MGNREGA Tree Plantation Scheme Information

MGNREGA Tree Plantation Scheme Information

​The Mahatma Gandhi National Rural Employment Guarantee Act (MGNREGA), enacted by the Government of India, is widely recognized for its dual focus on providing livelihood security to rural households and building durable community infrastructure. Among the most transformative initiatives permitted under the Act is the Tree Plantation Scheme.

​This multi-faceted scheme aims to reverse environmental degradation, mitigate the impacts of climate change, and create recurring, sustainable income sources for small and marginal farmers, vulnerable families, and local communities. By combining rural asset creation with ecological conservation, the program transforms fallow, degraded lands into productive green zones.

​1. Objectives of the MGNREGA Tree Plantation Scheme

​The Tree Plantation Scheme is systematically built to achieve both environmental resilience and economic empowerment in rural areas.

  • Livelihood Generation and Asset Creation: The scheme pays direct wages to job card holders for planting activities. Over the long term, fruit-bearing or timber trees serve as a permanent income-generating asset for individual or community owners.
  • Enhancing Green Cover: The scheme focuses on afforestation and agroforestry to reclaim degraded or fallow lands, combat desertification, and help achieve India’s national climate goals.
  • Soil and Water Conservation: Tree roots stabilize local soil, reducing topsoil erosion caused by heavy rains. Planting trees along canal bunds and water bodies also improves groundwater recharge.
  • Fostering Biodiversity: By prioritizing native, region-specific saplings, the scheme establishes micro-ecosystems that support local wildlife, pollinators, and beneficial microorganisms.
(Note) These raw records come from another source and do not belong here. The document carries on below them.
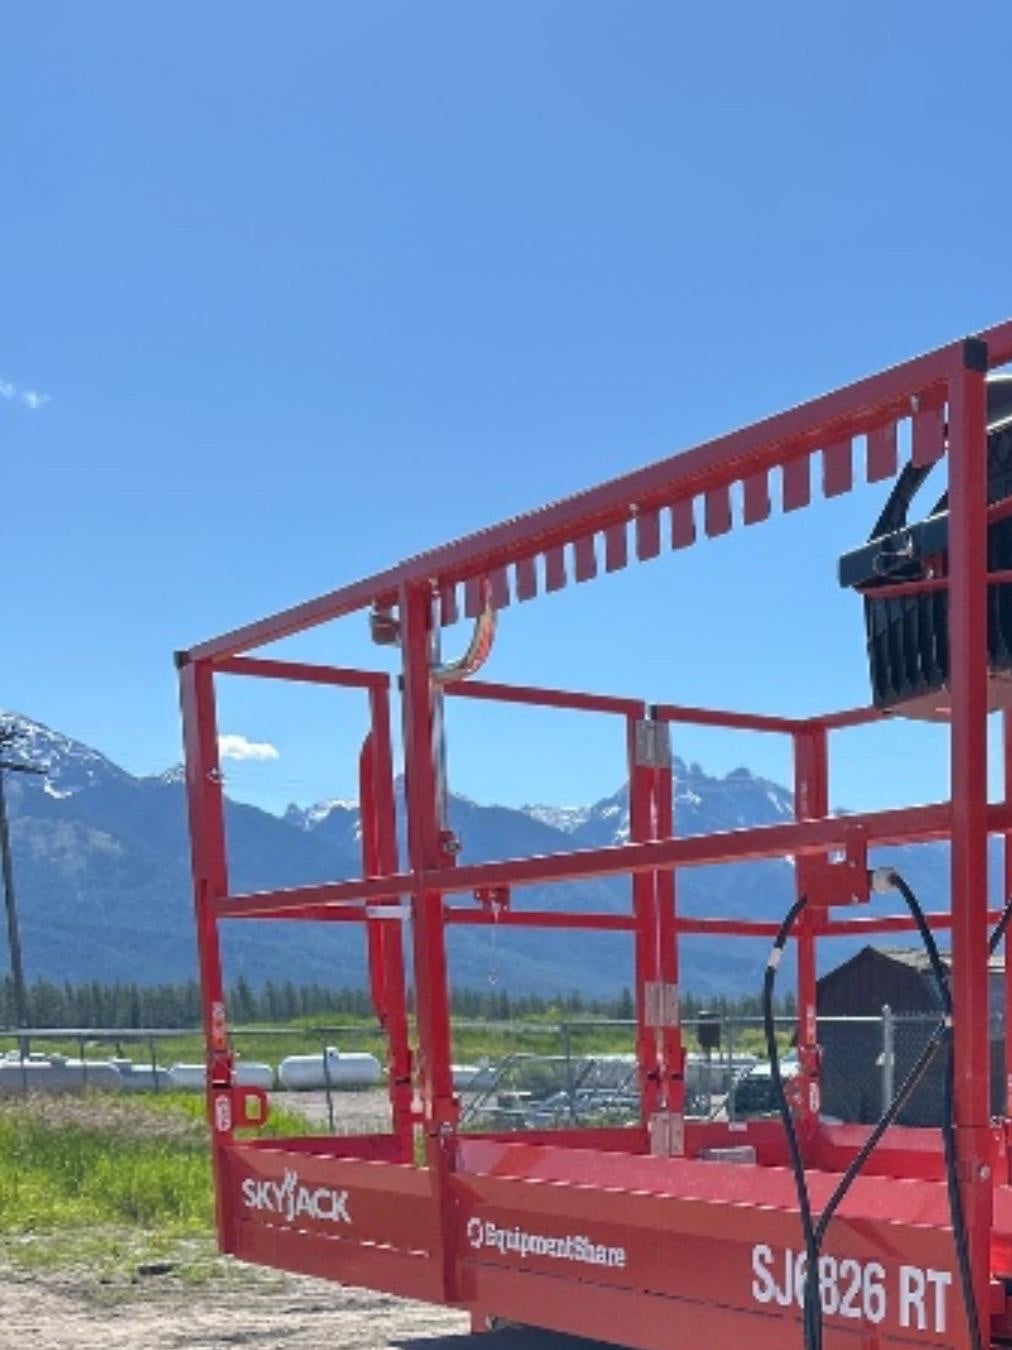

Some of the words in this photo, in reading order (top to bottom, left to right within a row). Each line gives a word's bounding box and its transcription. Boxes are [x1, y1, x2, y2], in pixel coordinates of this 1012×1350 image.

[241, 1168, 352, 1223] SKYJACK
[484, 1221, 626, 1268] EquipmentShare
[899, 1264, 953, 1334] RT
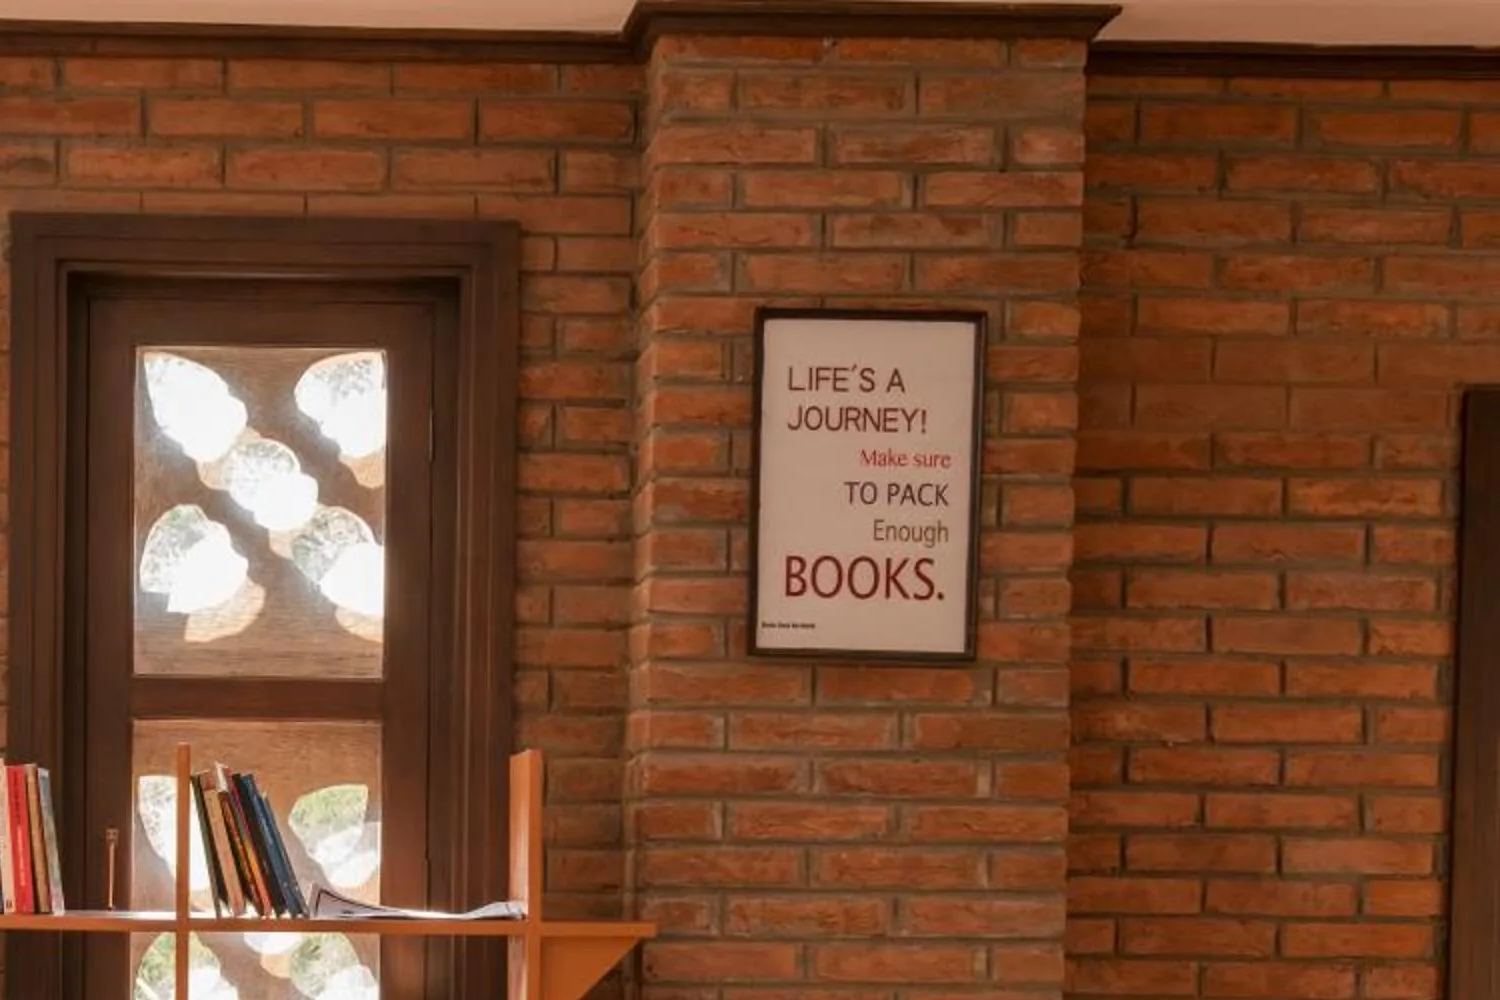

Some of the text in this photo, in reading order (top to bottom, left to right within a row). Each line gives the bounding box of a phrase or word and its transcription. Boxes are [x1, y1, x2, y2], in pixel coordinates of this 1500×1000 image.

[788, 363, 906, 393] LIFE'S A
[787, 405, 927, 433] JOURNEY!
[860, 448, 952, 468] Make sure
[844, 481, 949, 506] TO PACK
[873, 519, 949, 548] Enough
[785, 555, 944, 600] BOOKS.
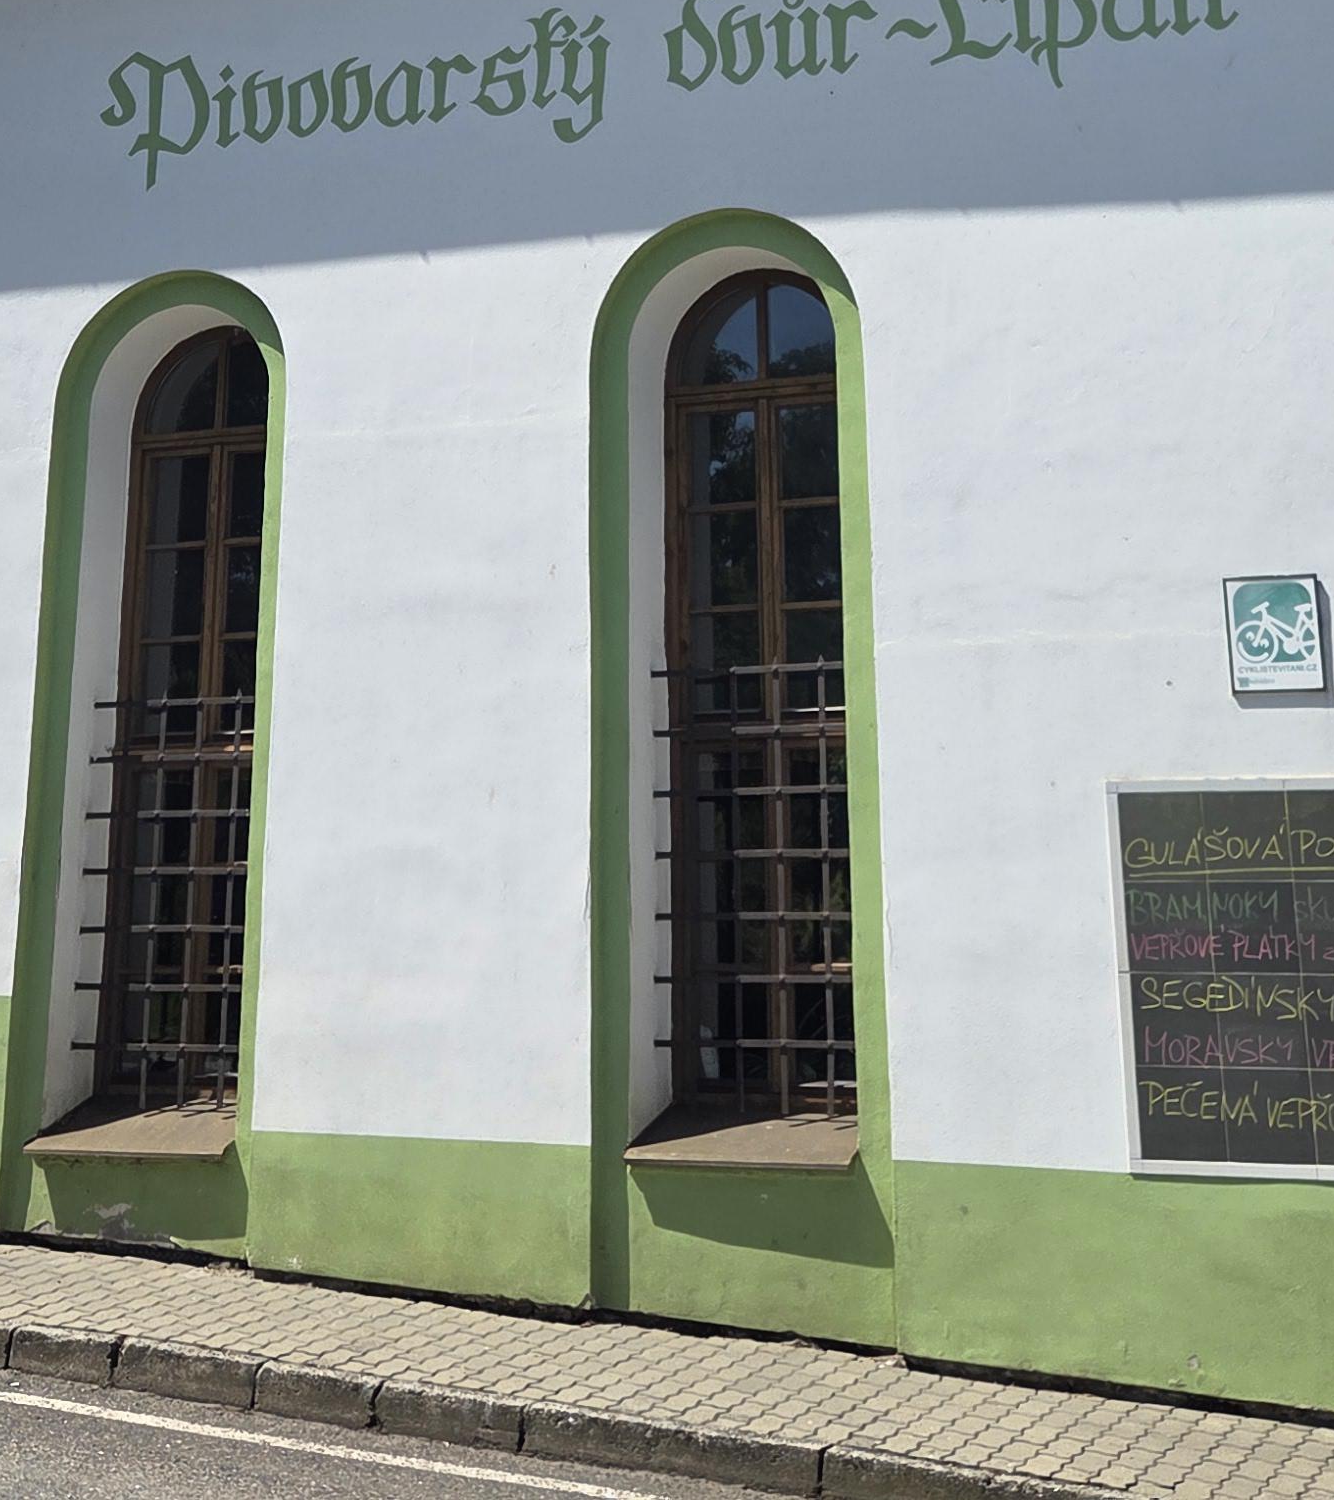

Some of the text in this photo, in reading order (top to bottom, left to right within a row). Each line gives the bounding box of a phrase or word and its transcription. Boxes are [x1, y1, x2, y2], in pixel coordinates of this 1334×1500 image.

[100, 7, 611, 192] Pivovarský
[1124, 824, 1285, 868] GULÁŠOVÁ
[1139, 1080, 1259, 1126] PEČENÁ
​2. Permissible Categories of Plantation Works

​MGNREGA classifies plantation projects into specific categories based on land ownership and layout to maximize economic returns and environmental benefits.

​Individual Beneficiary Land Plantation (Agro-Forestry & Horticulture)

​This sub-scheme allows small-scale and marginal farmers to convert portions of their personal farmland or fallow homesteads into orchards or timber plots.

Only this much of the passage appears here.